> EXERCISE BRIEF
Would you print the listing that follows exactly, but without its pictures?

> DATA EXTRACT

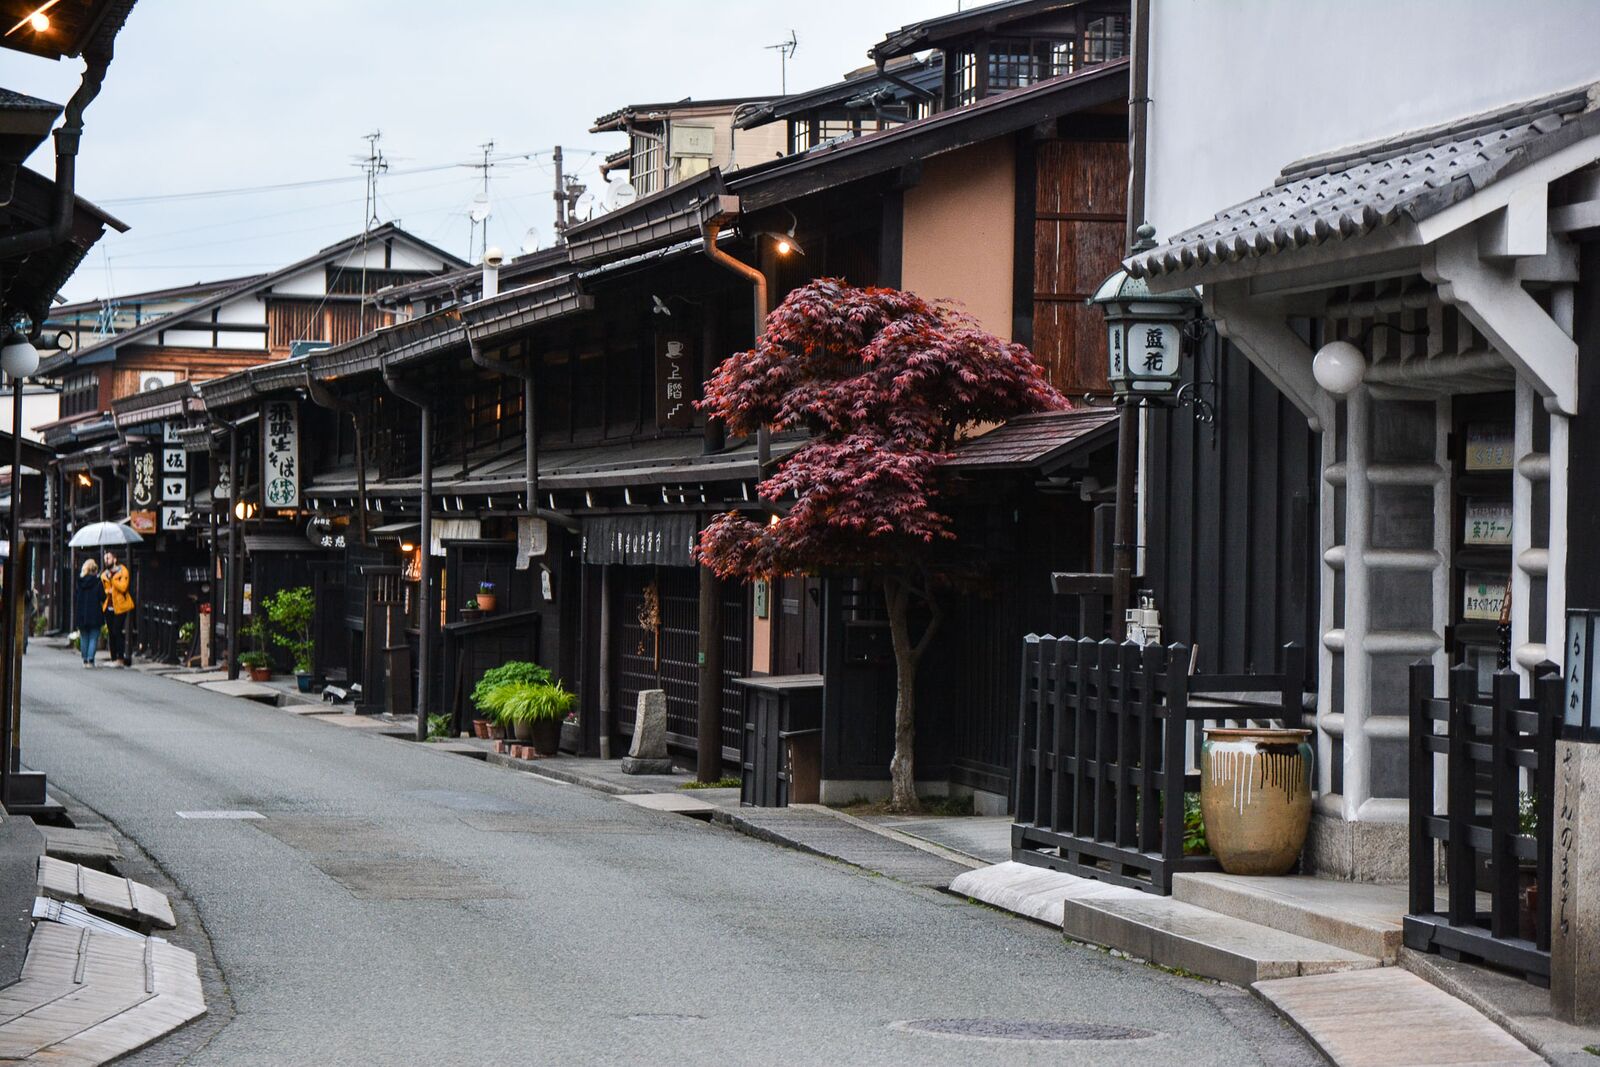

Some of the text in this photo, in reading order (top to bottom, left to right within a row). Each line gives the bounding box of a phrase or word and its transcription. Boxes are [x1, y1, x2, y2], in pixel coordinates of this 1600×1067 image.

[1143, 328, 1164, 371] 藍花
[1570, 632, 1581, 710] らんか
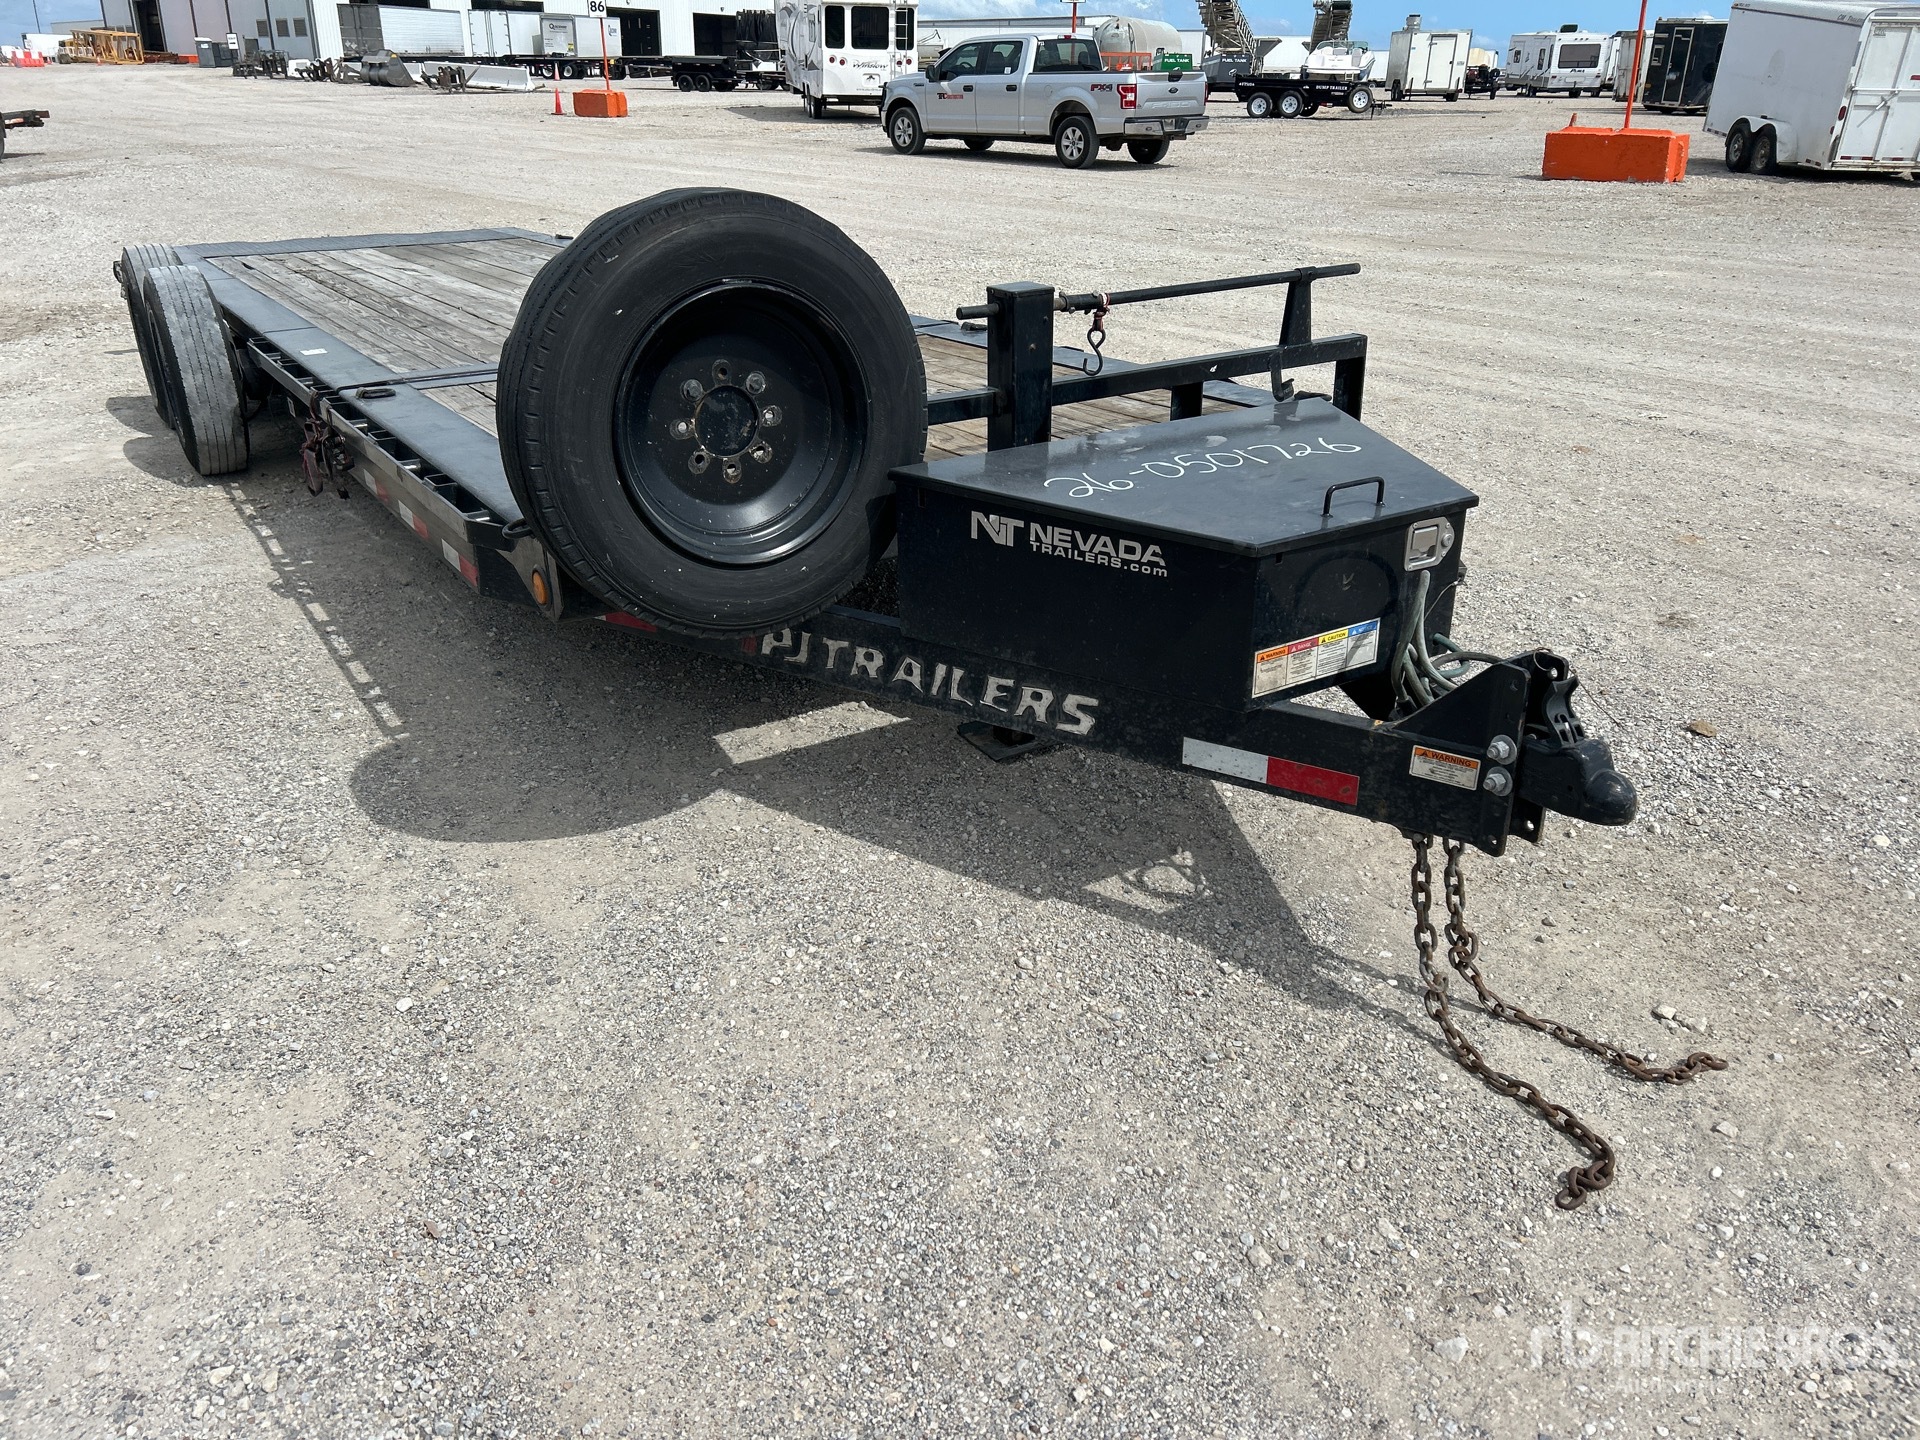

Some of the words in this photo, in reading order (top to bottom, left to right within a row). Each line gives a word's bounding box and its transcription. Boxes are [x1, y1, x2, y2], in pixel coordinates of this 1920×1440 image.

[590, 0, 605, 12] 86
[1043, 437, 1362, 498] 26-0501726
[1029, 522, 1167, 567] NEVADA
[1029, 540, 1169, 578] TRAILERS.com
[1327, 631, 1347, 641] CAUTION
[1297, 641, 1315, 650] DANGE
[1265, 649, 1286, 659] WARNING
[760, 627, 812, 664] PJ
[822, 636, 1100, 736] TRAILERS
[1431, 752, 1472, 767] WARNING
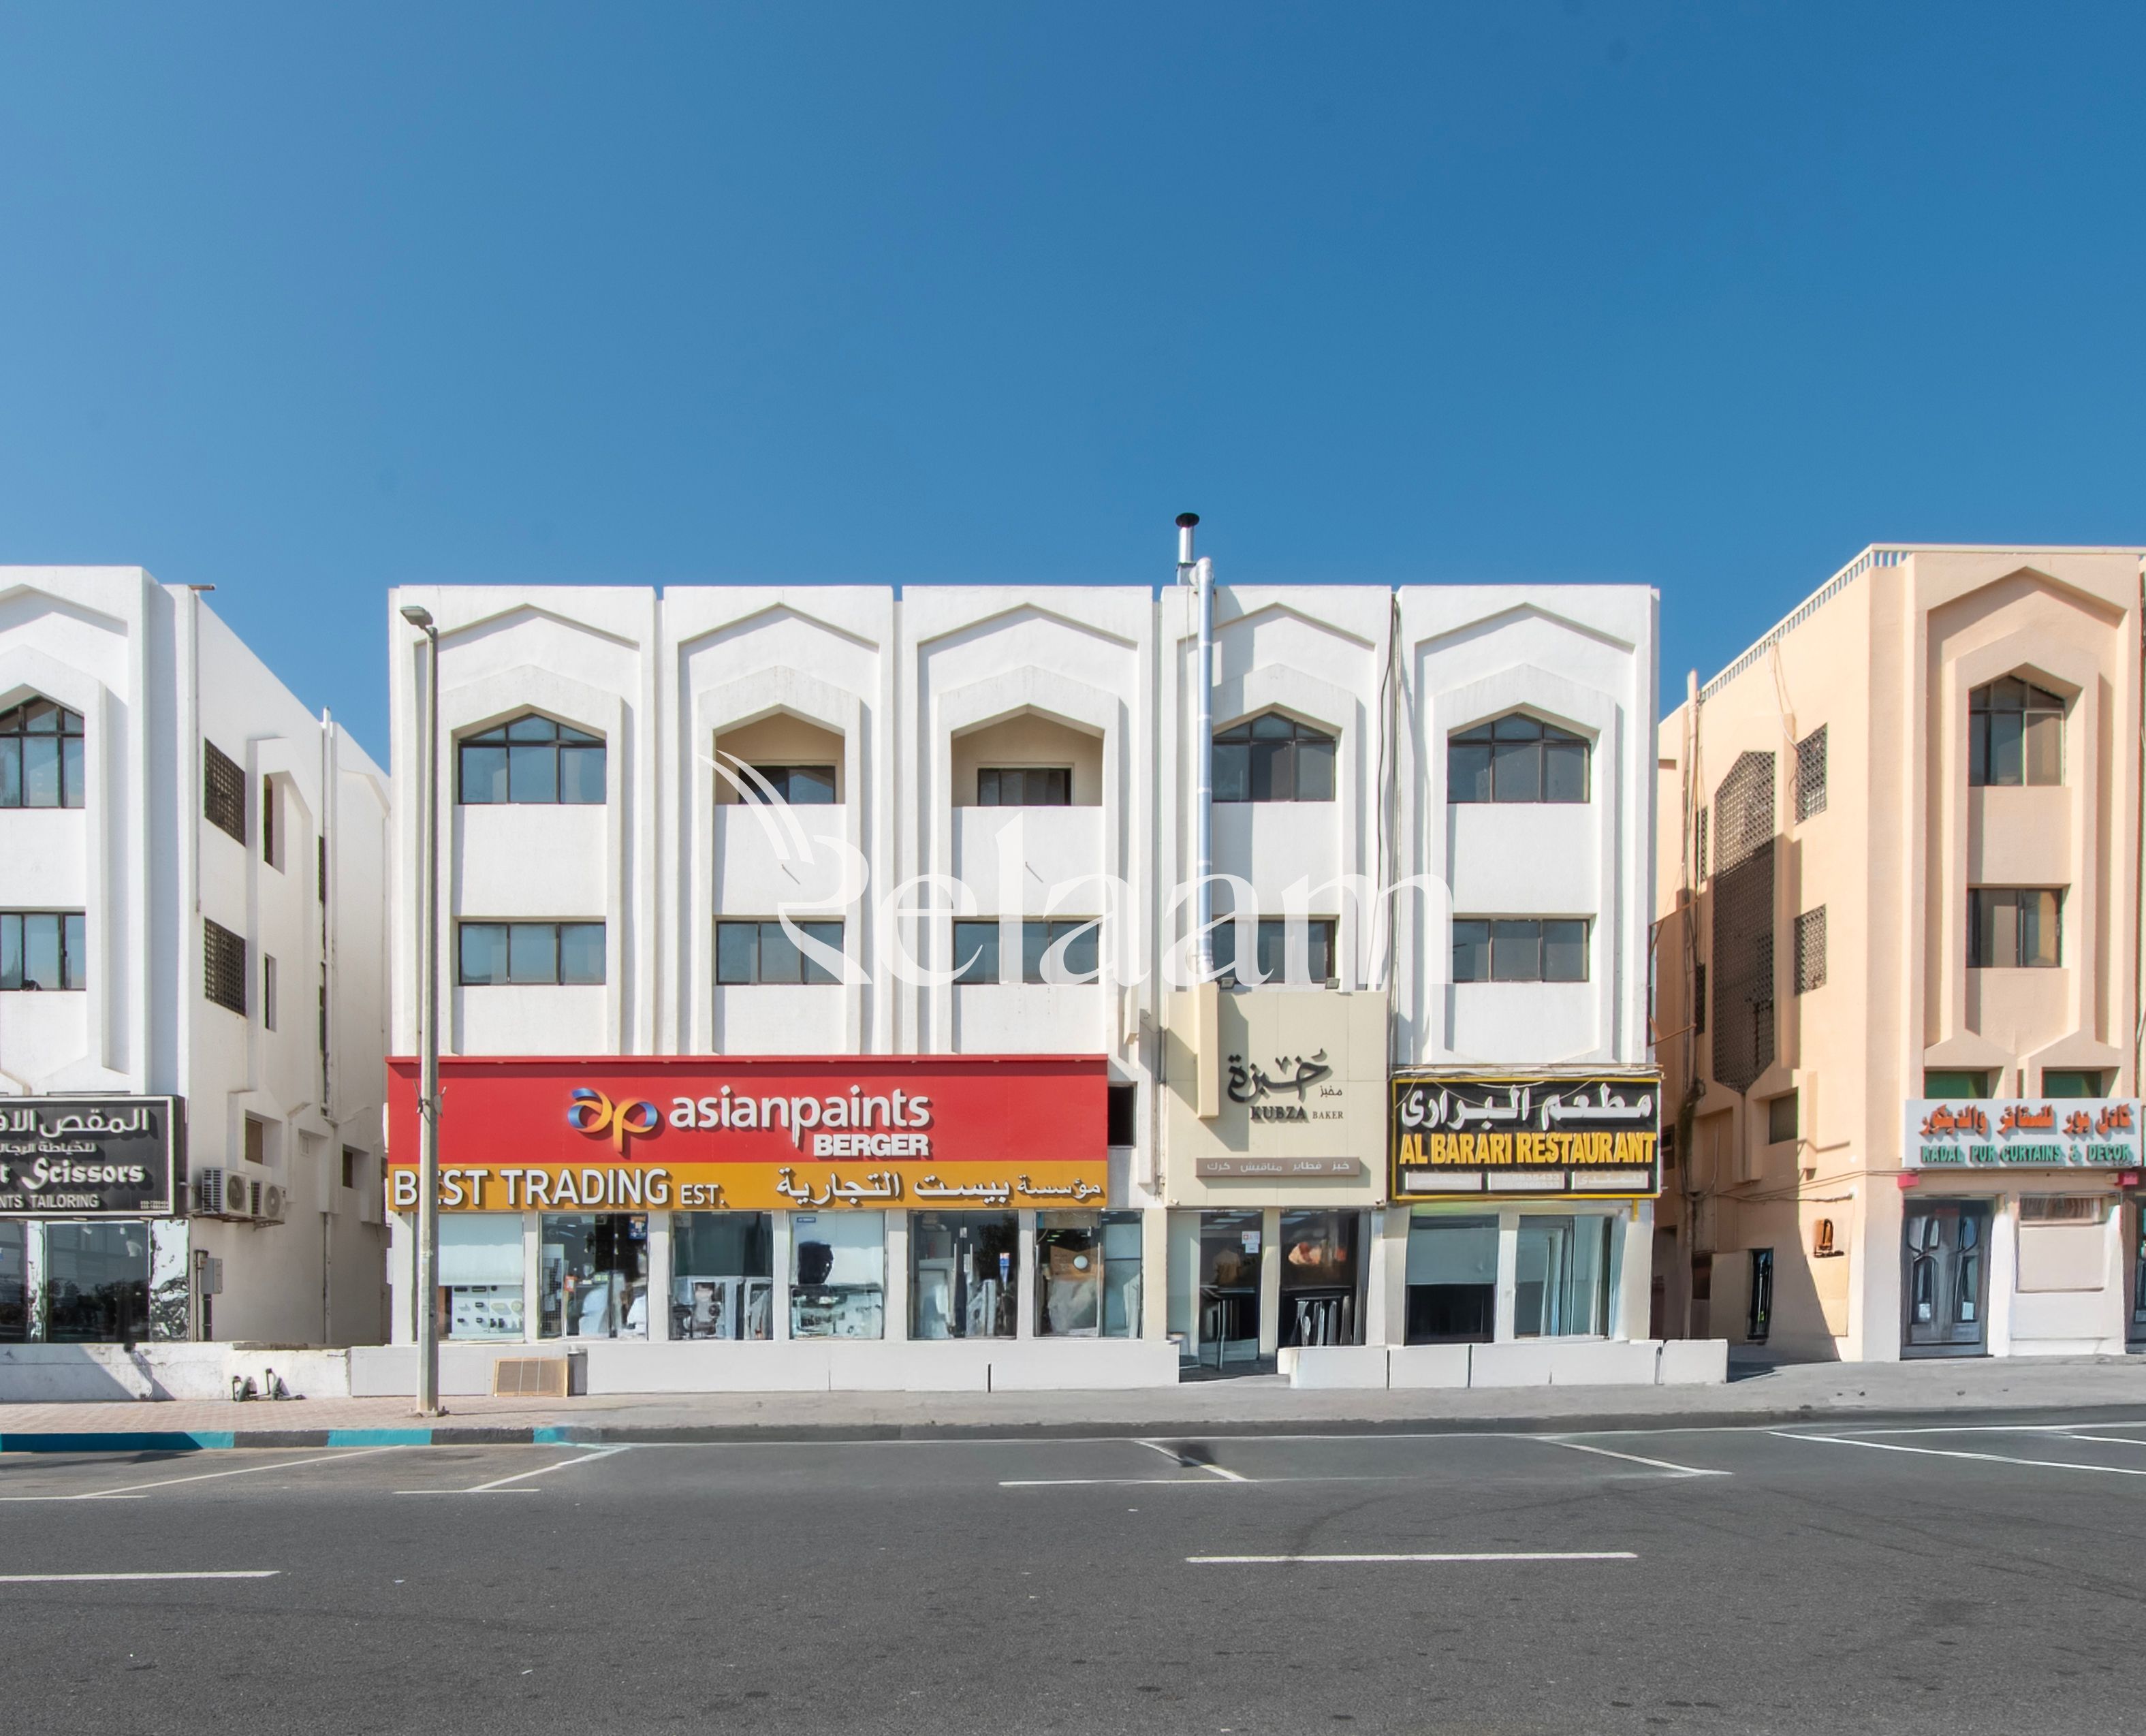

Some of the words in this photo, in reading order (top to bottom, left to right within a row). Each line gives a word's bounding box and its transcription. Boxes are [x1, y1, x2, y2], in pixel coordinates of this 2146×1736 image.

[669, 1085, 930, 1148] asianpaints
[1250, 1106, 1306, 1120] KUBZA
[1312, 1111, 1344, 1119] BAKER
[1541, 1082, 1652, 1131] مطعم
[40, 1108, 148, 1137] المقص
[813, 1133, 929, 1156] BERGER
[1400, 1133, 1427, 1164] AL
[1431, 1133, 1512, 1164] BARARI
[1516, 1132, 1657, 1164] RESTAURANT
[2001, 1144, 2061, 1162] CURTAINS
[2087, 1144, 2130, 1161] DECOR
[21, 1157, 145, 1190] Scissors
[394, 1169, 489, 1205] BST
[499, 1169, 669, 1205] TRADING
[680, 1184, 725, 1205] EST.
[776, 1167, 900, 1205] التجارية
[1017, 1173, 1101, 1200] مؤسسة
[29, 1194, 100, 1208] TAILORING
[914, 1174, 1010, 1203] بيست

> SOLVED PROBLEM
Some of the text in this photo, in reading order (top to bottom, left to right within a row). Each line gives the bounding box of a phrase or word and its transcription. Boxes are [x1, y1, x2, y2], in pixel coordinates of this 1600×1067 image.

[1143, 328, 1164, 371] 藍花
[1570, 632, 1581, 710] らんか

Some of the words in this photo, in reading order (top to bottom, left to right within a row). Each line gives a word's bounding box and its transcription. Boxes are [x1, y1, x2, y2], in pixel coordinates of this 1920×1440 image.

[590, 0, 605, 12] 86
[1043, 437, 1362, 498] 26-0501726
[1029, 522, 1167, 567] NEVADA
[1029, 540, 1169, 578] TRAILERS.com
[1327, 631, 1347, 641] CAUTION
[1297, 641, 1315, 650] DANGE
[1265, 649, 1286, 659] WARNING
[760, 627, 812, 664] PJ
[822, 636, 1100, 736] TRAILERS
[1431, 752, 1472, 767] WARNING

Some of the words in this photo, in reading order (top to bottom, left to right within a row). Each line gives a word's bounding box and its transcription. Boxes are [x1, y1, x2, y2], in pixel coordinates of this 2146×1736 image.

[669, 1085, 930, 1148] asianpaints
[1250, 1106, 1306, 1120] KUBZA
[1312, 1111, 1344, 1119] BAKER
[1541, 1082, 1652, 1131] مطعم
[40, 1108, 148, 1137] المقص
[813, 1133, 929, 1156] BERGER
[1400, 1133, 1427, 1164] AL
[1431, 1133, 1512, 1164] BARARI
[1516, 1132, 1657, 1164] RESTAURANT
[2001, 1144, 2061, 1162] CURTAINS
[2087, 1144, 2130, 1161] DECOR
[21, 1157, 145, 1190] Scissors
[394, 1169, 489, 1205] BST
[499, 1169, 669, 1205] TRADING
[680, 1184, 725, 1205] EST.
[776, 1167, 900, 1205] التجارية
[1017, 1173, 1101, 1200] مؤسسة
[29, 1194, 100, 1208] TAILORING
[914, 1174, 1010, 1203] بيست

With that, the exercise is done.